Description of the task:
What is needed here is an exact printout of the data, with no pictures included.

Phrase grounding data
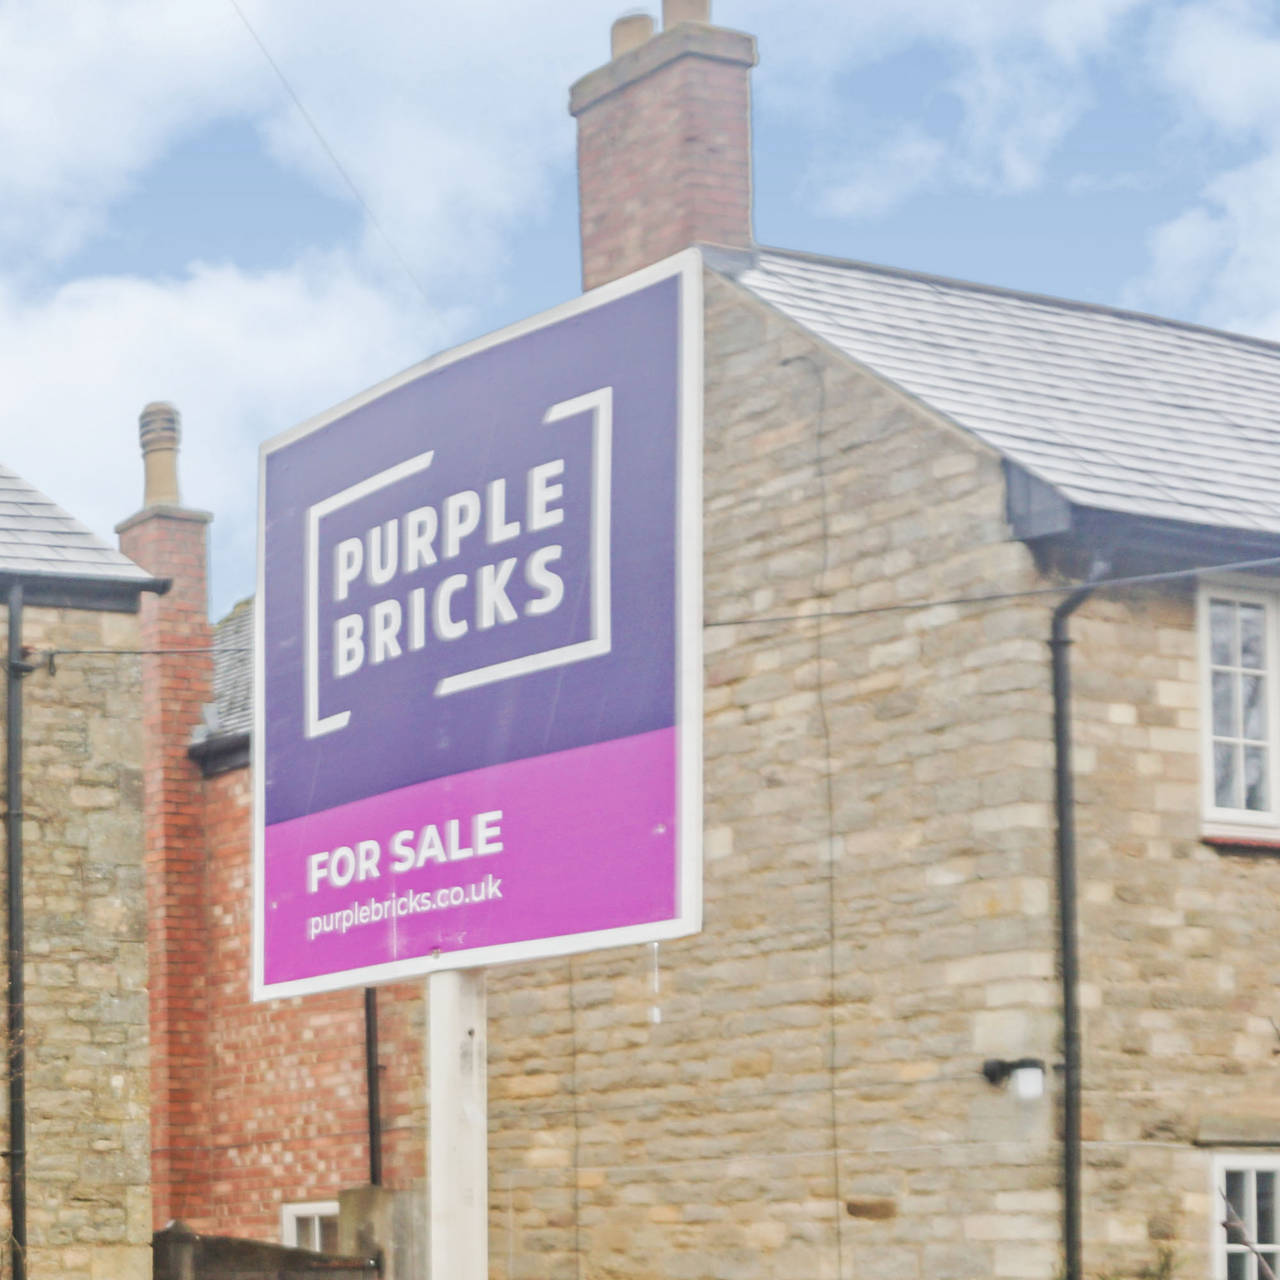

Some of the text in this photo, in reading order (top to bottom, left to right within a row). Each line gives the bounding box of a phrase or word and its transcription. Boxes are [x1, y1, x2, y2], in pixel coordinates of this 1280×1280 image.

[336, 458, 565, 601] PURPLE
[335, 545, 565, 679] BRICKS
[308, 810, 504, 893] FOR SALE
[309, 874, 504, 940] purplebricks.co.uk
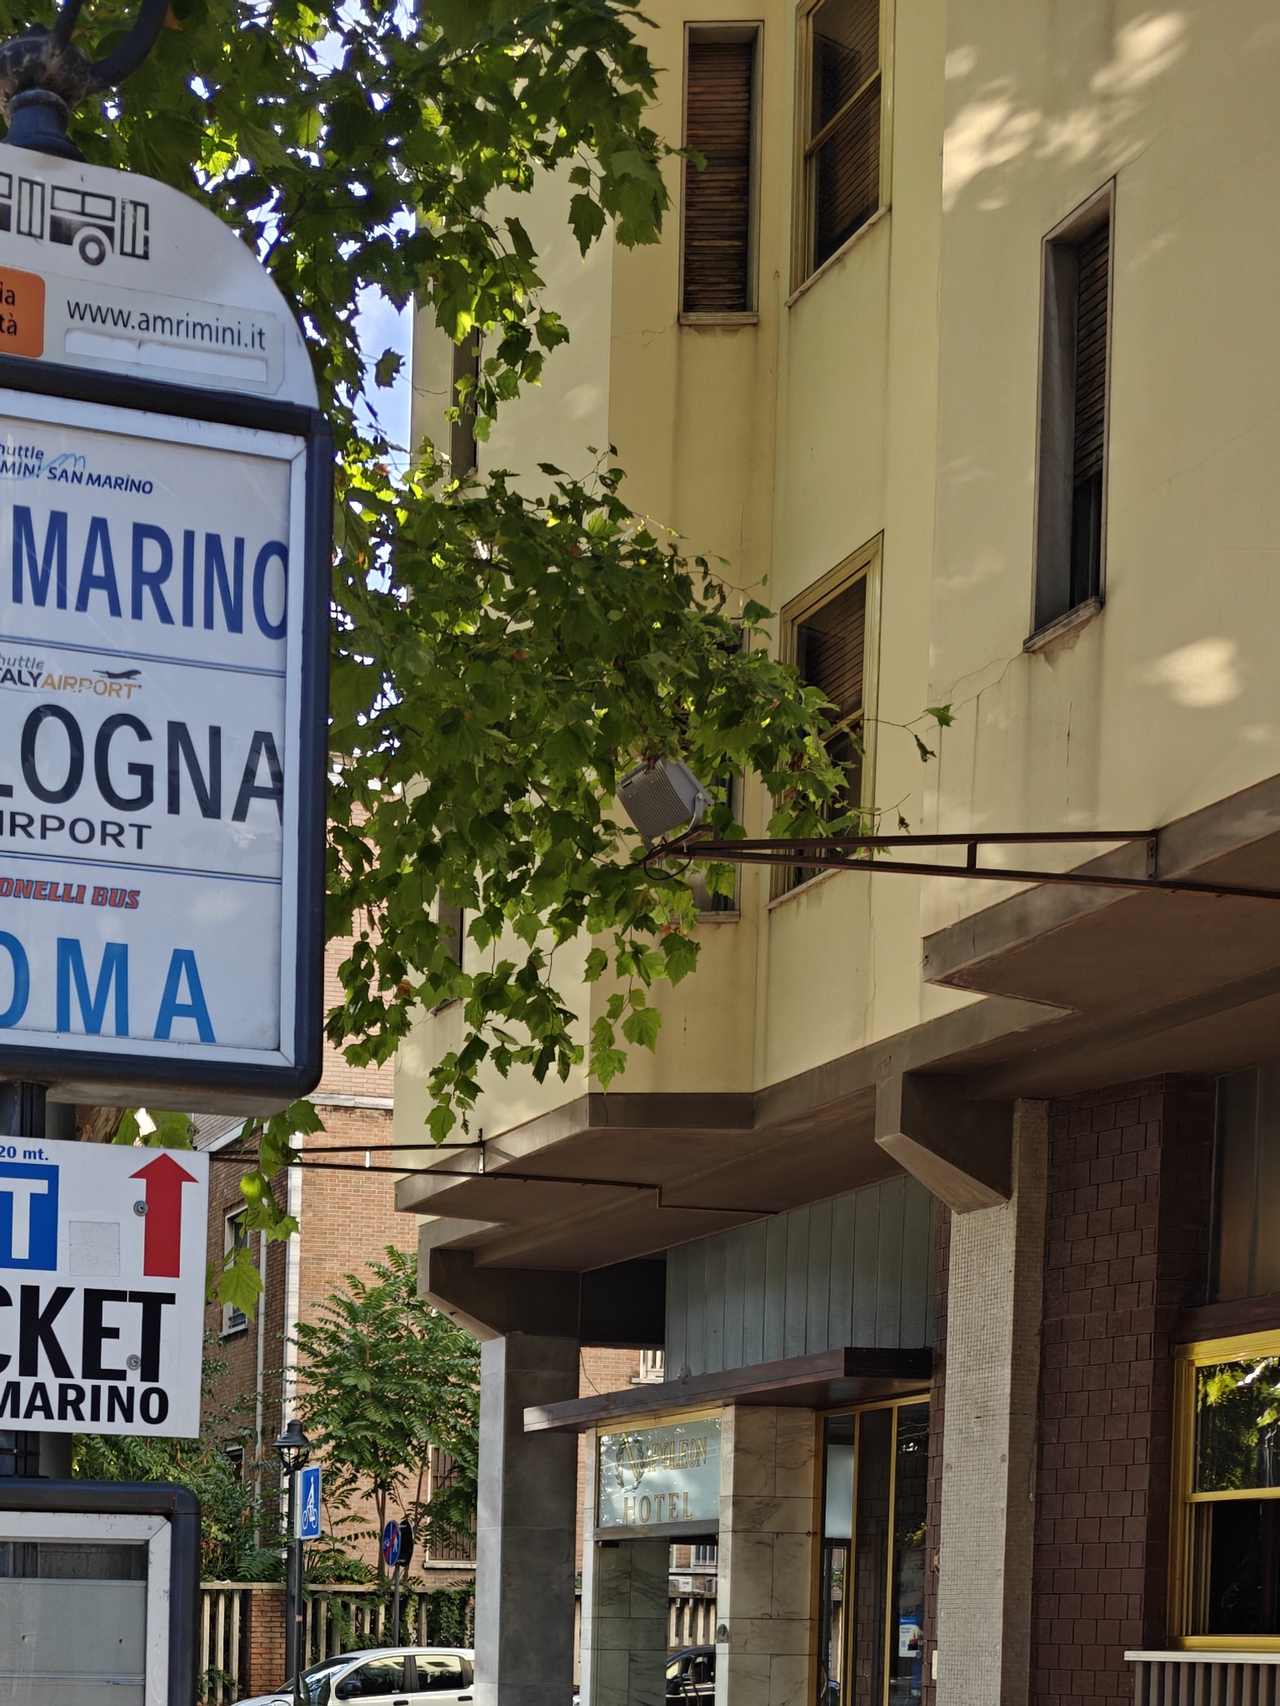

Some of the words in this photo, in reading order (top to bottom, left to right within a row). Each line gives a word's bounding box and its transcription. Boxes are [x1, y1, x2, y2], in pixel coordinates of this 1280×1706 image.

[67, 301, 266, 351] www.amrimini.it
[47, 465, 84, 486] SAN
[86, 471, 153, 494] MARINO
[12, 505, 288, 641] MARINO
[92, 886, 141, 910] BUS
[23, 1147, 49, 1161] mt.
[620, 1432, 708, 1486] NAPOLEON
[623, 1492, 693, 1525] HOTEL
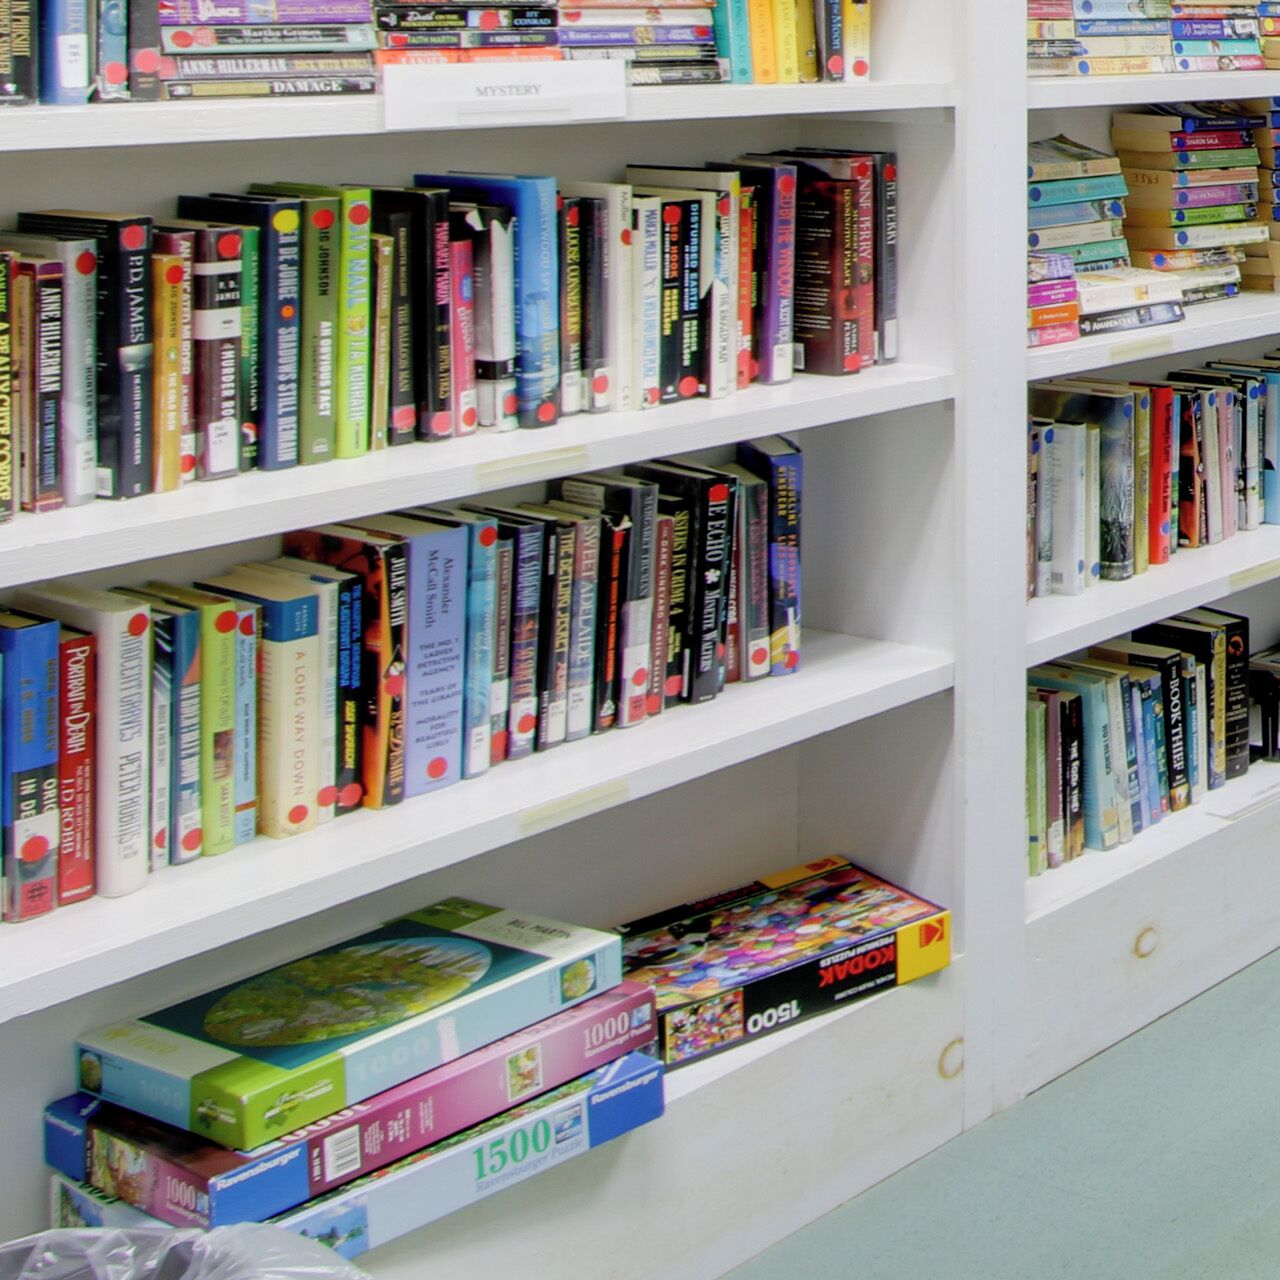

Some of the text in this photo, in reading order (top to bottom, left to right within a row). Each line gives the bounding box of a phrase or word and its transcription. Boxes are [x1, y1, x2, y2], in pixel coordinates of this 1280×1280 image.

[182, 58, 287, 74] ANNE HILLERMAN
[273, 80, 342, 93] DAMAGE
[475, 82, 542, 98] MYSTERY
[130, 254, 146, 343] P.D. JAMES
[215, 289, 240, 302] JAMES
[40, 287, 62, 393] ANNE HILLERMAN
[390, 558, 407, 627] JULIE SMITH
[819, 947, 894, 988] KODAK
[748, 1000, 801, 1033] 1500
[216, 1147, 302, 1191] Ravensburger
[472, 1121, 552, 1179] 1500
[165, 1175, 196, 1210] 1000

Output for this exercise:
Some of the text in this photo, in reading order (top to bottom, left to right within a row). Each line gives the bounding box of a phrase or word and its transcription. Boxes are [x1, y1, x2, y2], in pixel coordinates of this 1280×1280 image.

[336, 458, 565, 601] PURPLE
[335, 545, 565, 679] BRICKS
[308, 810, 504, 893] FOR SALE
[309, 874, 504, 940] purplebricks.co.uk

Some of the words in this photo, in reading order (top to bottom, left to right within a row). Each line gives a word's bounding box and its transcription. Boxes are [x1, y1, x2, y2], in pixel coordinates of this 1280×1706 image.

[67, 301, 266, 351] www.amrimini.it
[47, 465, 84, 486] SAN
[86, 471, 153, 494] MARINO
[12, 505, 288, 641] MARINO
[92, 886, 141, 910] BUS
[23, 1147, 49, 1161] mt.
[620, 1432, 708, 1486] NAPOLEON
[623, 1492, 693, 1525] HOTEL

Some of the text in this photo, in reading order (top to bottom, left to right within a row). Each line gives the bounding box of a phrase or word and its transcription. Boxes are [x1, y1, x2, y2], in pixel coordinates of this 1280×1280 image.

[182, 58, 287, 74] ANNE HILLERMAN
[273, 80, 342, 93] DAMAGE
[475, 82, 542, 98] MYSTERY
[130, 254, 146, 343] P.D. JAMES
[215, 289, 240, 302] JAMES
[40, 287, 62, 393] ANNE HILLERMAN
[390, 558, 407, 627] JULIE SMITH
[819, 947, 894, 988] KODAK
[748, 1000, 801, 1033] 1500
[216, 1147, 302, 1191] Ravensburger
[472, 1121, 552, 1179] 1500
[165, 1175, 196, 1210] 1000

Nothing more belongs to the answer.